The rise of “lone wolf” attacks or the “active gunman” whereby the perpetrator acts alone is one of the key risks for 2016, according to a recent panel discussion on terrorism organised by the Risk and Insurance Management Association of Singapore (RIMAS). This trend is not unexpected for the region. New risks emerge, which many are not prepared to deal with.
“We’ve seen an evolution in our clients in understanding terrorism risk and mitigating it through financial solutions and physical security infrastructure, but the active gunman is something new and I don’t think they’re ready for it,” said Mr Daniel Bould, Regional Director, Crisis Management, Aon Risk Solutions. He added that this emerging risk requires additional skillsets, such as proactive intelligence, and security staff well-trained in identifying potential individuals and alerting authorities.
The lone wolf
Mr Andreas Wimmer, Director at the German-Asian Research Centre in Singapore (Deutsches Asienforschungszentrum), noted that the recent Jakarta attacks had shown for the first time how the effectiveness of the Indonesian counter-terrorist forces has paid off. The quick response prevented a greater loss of life. But the new threats prove a potent point, that public safety is a concern for everyone and complacency or weak policy creates the political vacuum which allows hate-ideologies like ISIS’ to grow.
“And once a terrorist group gets eroded in structure and capability, it reverts to something less effective, like a knife attack in public,” he said, adding that such a scenario is very much within the threat spectrum in a city known for its safety like Singapore. Examples of such attacks as seen in New York and the UK are ample and require a rethinking of public safety initiatives by both the public and law enforcement agencies. These tactics are not limited to Europe or the United States and could appear within Asia.
Likewise, Ms Pranoti Surve, Vice President, Intelligence at the Bank of America Merrill Lynch, agreed that this “lone wolf, singular actor” is a key threat. Small groups of people could be radicalised over the Internet and then act independently, conducting attacks with an element of surprise which require very little financial commitment and minimal logistical support from the larger terrorist groups.

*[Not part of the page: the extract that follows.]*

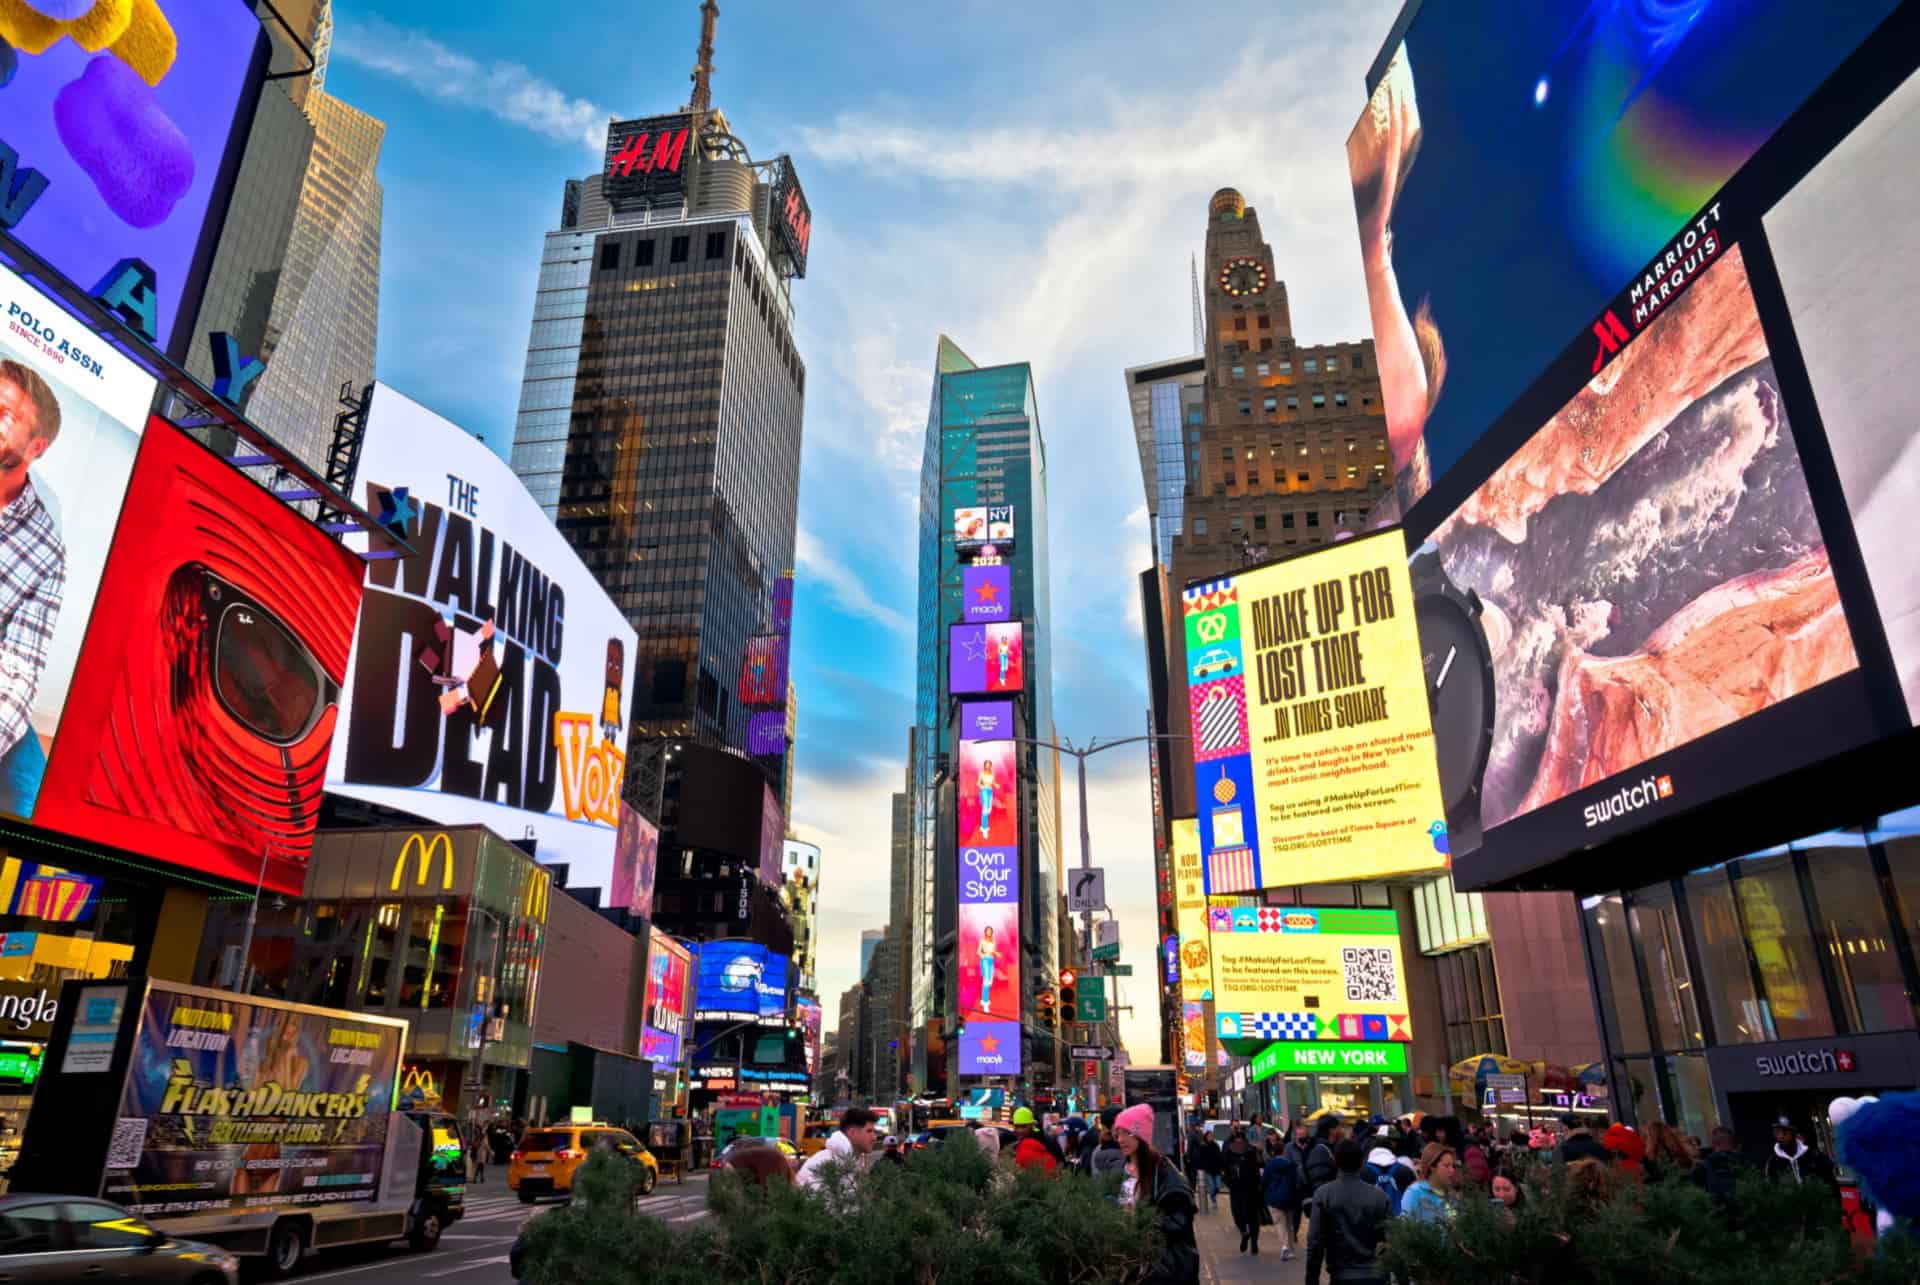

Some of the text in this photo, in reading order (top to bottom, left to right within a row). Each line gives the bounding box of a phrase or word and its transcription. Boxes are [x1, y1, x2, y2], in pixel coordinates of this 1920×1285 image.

Mr Ben Brandt, Security Intelligence Analyst at Cargill, said that illegal access to weapons in the region is “much more than it should be”, and this is going to drive more attacks – a possibility in societies which are religious and racially polarised. He cited the example of Malaysia, where recent racial tensions have been quite bad.
First responders critical
In the immediate aftermath of attacks and mass casualties, where emergency medical services would take time to respond, the role of first responders will be critical.
“In the ‘platinum 10 minutes’ after injury occurs, we need people on the streets to actively help the casualties before they get to a doctor,” said Dr David Chew, a trauma physician at ARIS Integrated Medical. “Training is critical.” He also expressed concern that terrorists could come up with novel ways to weaponise chemical and biological agents in their attacks.
Awareness training for staff
Mr Bould said that to protect themselves, organisations should open up their facilities to the police and share building plans to enable them to familiarise themselves with the surroundings. In addition, they should ensure that adequate crisis management plans are in place, such as ensuring that staff know their roles and responsibilities, run simulation scenarios and update call lists, which would help first responders. “There is very little you can do in shooter situations as an organisation, but you can help contain the crisis and manage it,” he said.
The panellists highlighted the importance of awareness training for staff so that they would practise the principle of “see something, say something” and know how to react to unusual behaviour in their peers, and carrying out training and drills in skills like CPR. Other measures include paying attention to advice from intelligence sources and developing a robust information network – at present, there is still a lack of investment in forward-looking intelligence by Asian companies.
Countering the ISIS narrative
On ways to counter ISIS, the panellists felt that it would be a good idea to counter its narrative, though this would be tough given the wide range of reasons driving the individuals who respond to its call.
Mr Wimmer added: “Authorities do need help from corporations. Corporations and their access to resources, technology and know-how are able to address some of the gaps, better and faster than authorities. This is an opportunity for Asian corporations to contribute to public safety.”
Mr Brandt noted that there are some “common sense” practices, like not putting terrorist suspects with other prisoners at large to prevent the latter’s radicalisation. However, isolating radicals effectively, together with tightening access to weapons, continue to be an issue in many countries.
“I think there’s a lot of great work being done in Southeast Asia to de-radicalise individuals – we just have to keep plugging away, one individual at a time,” Ms Surve said.